19 July 2023, The Tablet

The cardinal, the minister and the chocolate soldiers


Ethical foreign policy

The cardinal, the minister and the chocolate soldiers

Cardinal Basil Hume, left, lobbied David Owen to stop armoured cars being sold to El Salvador
Alamy/PA

 

When David Owen became foreign secretary in 1977, he declared that human rights would have a place in government policy. But it took a small Catholic lobbying organisation and its motley group of allies – including Archbishop Óscar Romero, Cardinal Hume, assorted journalists and parliamentarians, and two political advisers funded by the Rowntrees – to make it happen

In June 1976 the British government opened negotiations to sell 15 second-hand armoured cars to the government of El Salvador, under its military president Colonel Arturo Armando Molina. The deal, valued at around £850,000, received political clearance in January 1977, with delivery scheduled for the end of the year. Molina left office in July, replaced by General Carlos Humberto Romero.

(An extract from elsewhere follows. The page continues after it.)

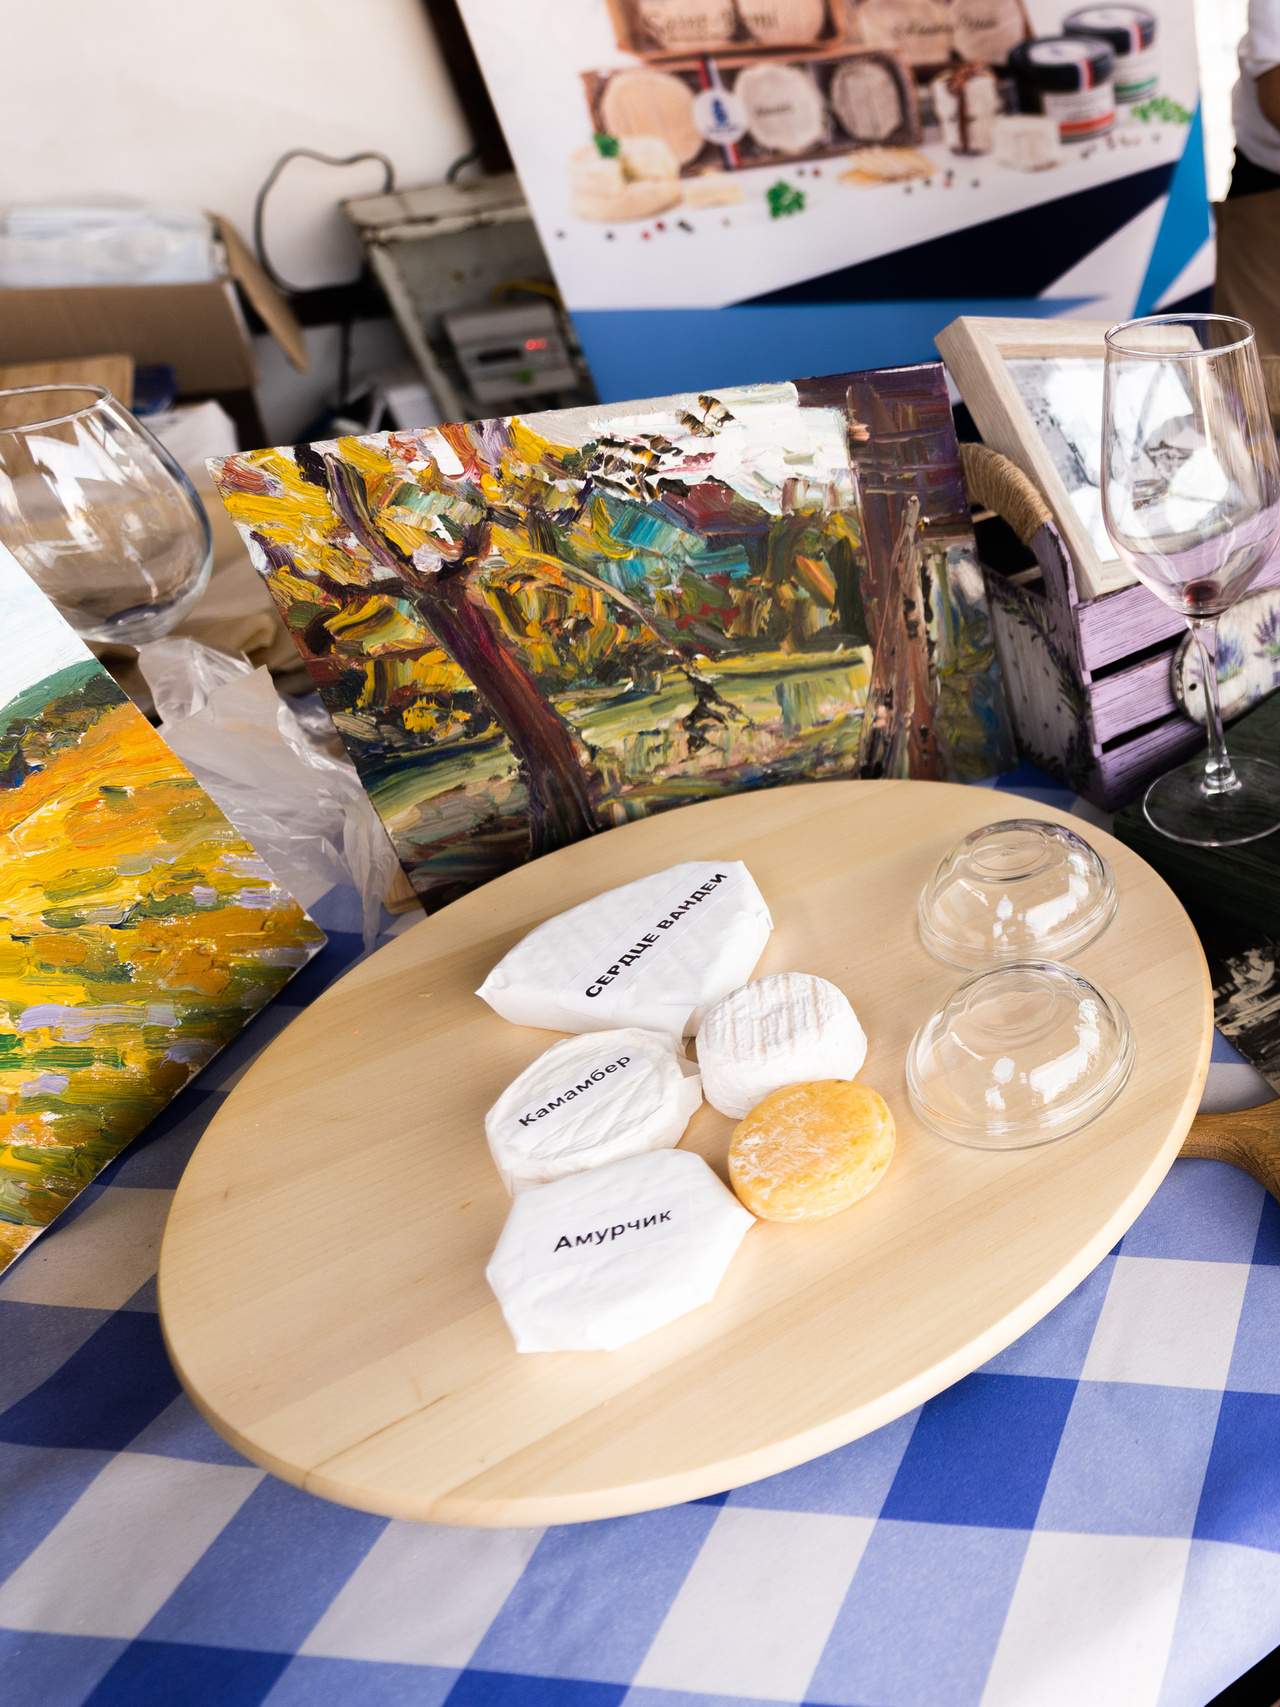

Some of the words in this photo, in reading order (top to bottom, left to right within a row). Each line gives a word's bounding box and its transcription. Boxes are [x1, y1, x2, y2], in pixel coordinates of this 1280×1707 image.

[585, 932, 660, 999] СЕРДЦЕ
[656, 872, 728, 931] ВАНДЕИ
[518, 1055, 631, 1127] Камамбер
[553, 1209, 673, 1253] Амурчик

Both oversaw the violent suppression of political dissent and the assassination of priests accused of subversive Marxist sympathies.

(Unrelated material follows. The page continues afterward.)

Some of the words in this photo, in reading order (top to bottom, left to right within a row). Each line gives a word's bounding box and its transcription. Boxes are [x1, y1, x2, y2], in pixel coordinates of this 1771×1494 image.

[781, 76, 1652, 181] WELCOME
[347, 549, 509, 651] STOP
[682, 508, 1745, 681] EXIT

The new Archbishop of San Salvador, Óscar Romero, refused to attend his namesake’s inauguration, despite his conservative instincts, in protest against what he called the government’s “torture” of priests and its treatment of the Church. In Whitehall, meanwhile, Ministry of Defence officials busied themselves with the arrangements for shipping 12 Saladin and three Ferret scout cars, while adjusting to the changing political landscape: in February the foreign secretary, Anthony Crosland, had died suddenly and his unexpected replacement was the 38-year-old David Owen.